No idea if you have to retake the exam, I don't think so.
On a somewhat related note...
...if you get married after you have your license and CCC's and your name changes, do you have to pay for them again? I'm engaged right now and someone told me to make sure to get married before I pay for certification because otherwise I will have to pay twice. Does anyone know if this is true?

(Sorry to post on this thread...I don't know how to start a new topic...)
Re: On a somewhat related note...
that is silly, tell that someone to shove off. =) i'm pretty sure you just call to update your information when your name changes.

ASHA does not license. ASHA certifies - there's a BIG difference. Only states can license. You have the choice of being certified and a member, or just certified. If you have a NSSLHA National membership for 2 years before you graduate, you have the opportunity to get your ASHA CCCs (and membership) less money. From the website: "with the Conversion Discount you can join ASHA for $336." I was told to wait until after my CFY was completed (so I had a few months w/ no membership - but could still access journals). I joined w/ the conversion plan and had 18 months of membership. No CEUs were required during the first year.

Someone already answered the speechpathology question. Also, when attend conferences - state, local, national; various workshops, etc. many of those are able to be taken for credit. You can use your licensing credits to also be your ASHA credits - provided they are ASHA approved. I am required 10 CEUs/year by my state - ASHA requires 30 every 3 years. As long as I make sure my state CEUs are ASHA approved - I have no problem. ASHA approved CEUs are automatically approved by my state. No CEUs were required during my first partial year of state licensure.

Each state varies slightly about license lapsing. However, there is typically a Late FEE plus you may have to pay back past years of licensing - AND - show you've continued CEUs AND if it's been long enough - retake national exams.

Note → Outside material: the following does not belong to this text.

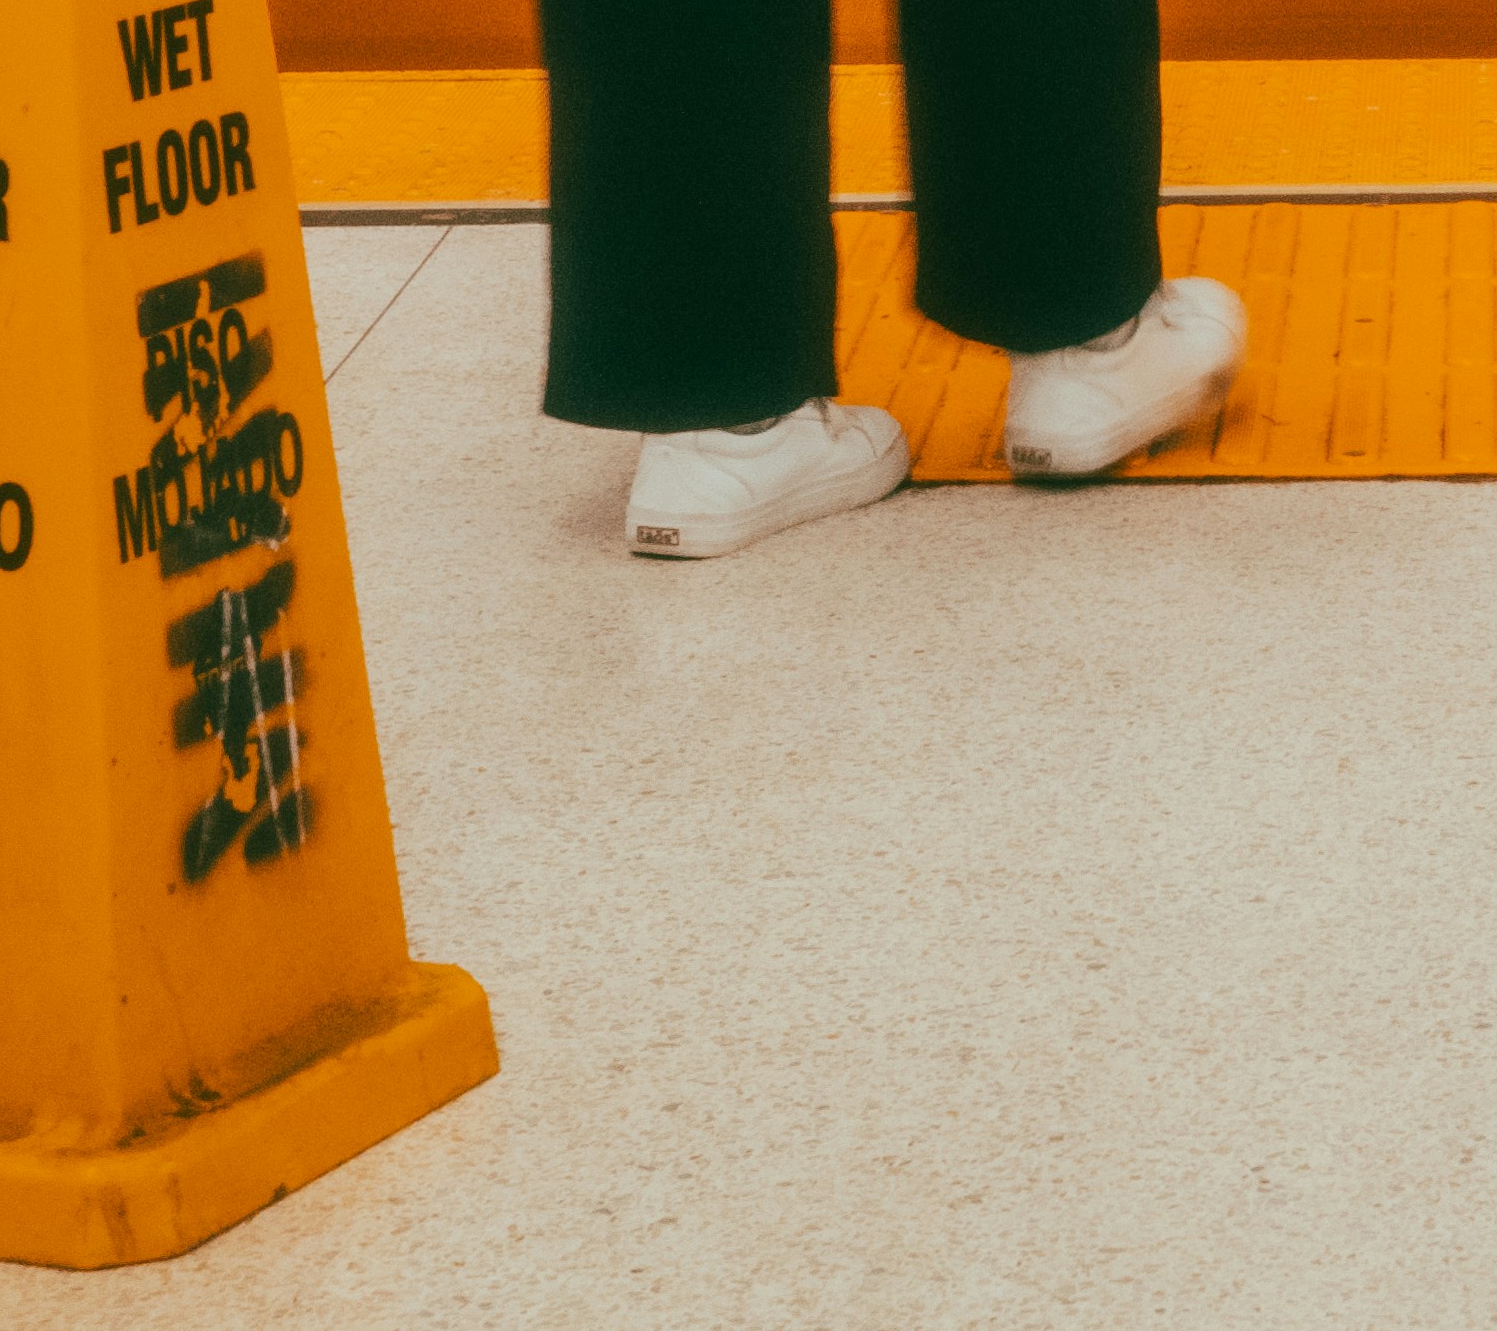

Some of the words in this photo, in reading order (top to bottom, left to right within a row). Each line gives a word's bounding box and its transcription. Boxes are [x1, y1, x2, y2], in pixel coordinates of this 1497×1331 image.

[103, 111, 256, 234] FLOOR
[145, 307, 251, 421] PISO
[112, 412, 304, 565] MOJADO

When you get your CCCs ASHA sends a letter stating they are unable to send duplicate certificates. I dont' believe you would need to pay a 2nd time - but I would strongly suggest you contact the ASHA Action Center to get the absolutely correct answer.
Members: 800-498-2071
Non-Member: 800-638-8255
Fax: 301-296-8580
TTY (Text Telephone Communication Device): 301-296-5650
depending on where you work, any or all of what you are talking about may be paid for. my job pays for my annual asha dues, my license renewal fees, and i have 1 paid day a year (on top of my regular vacation time) plus an allowance of $400 to use for continuing education costs. (for example, i went to asha in new orleans last year, and the $400 covered the fee for the convention, and i used what was left over to help with airfare/hotel. if i was going to philly this year, it's much closer, and i could have used the leftover money to completely cover the entire trip.) i have colleagues who work for different companies who get even more of an allowance for continuing ed costs. i happen to have a license for another state, just to have it, which i pay for myself.

i would highly recommend not letting your license lapse... it's far easier to just pay the fees every year, and have the opportunity to work PRN in the meantime, rather than having to go through the whole process! i work in the medical setting and there are definitely SLPs in our PRN pool who used to work full time somewhere, but stopped to have children, or to begin a new career in a different (but related) field (e.g. one of our PRN SLPs works for a pharmaceutical company; i think one of the PRN PTs works with a prosthetics/orthotics vendor). the process depends on the state, and i know some states are far stricter than others. i know ny and ca specifically tend to make things pretty complicated. if you have the funds to keep your license up... just don't let it lapse.

a quick note on continuing ed - .1 = 1 hour, so 3.0 = 30 hours. the number of units you get varies per course, but you know that if it will last 4 hours, you should get .4 units.
Your job seems wonderful! What type of hospital do you work at? I'm near Philly too and I would love to work at a hospital once I graduate this May. By the way, what does PRN stand for?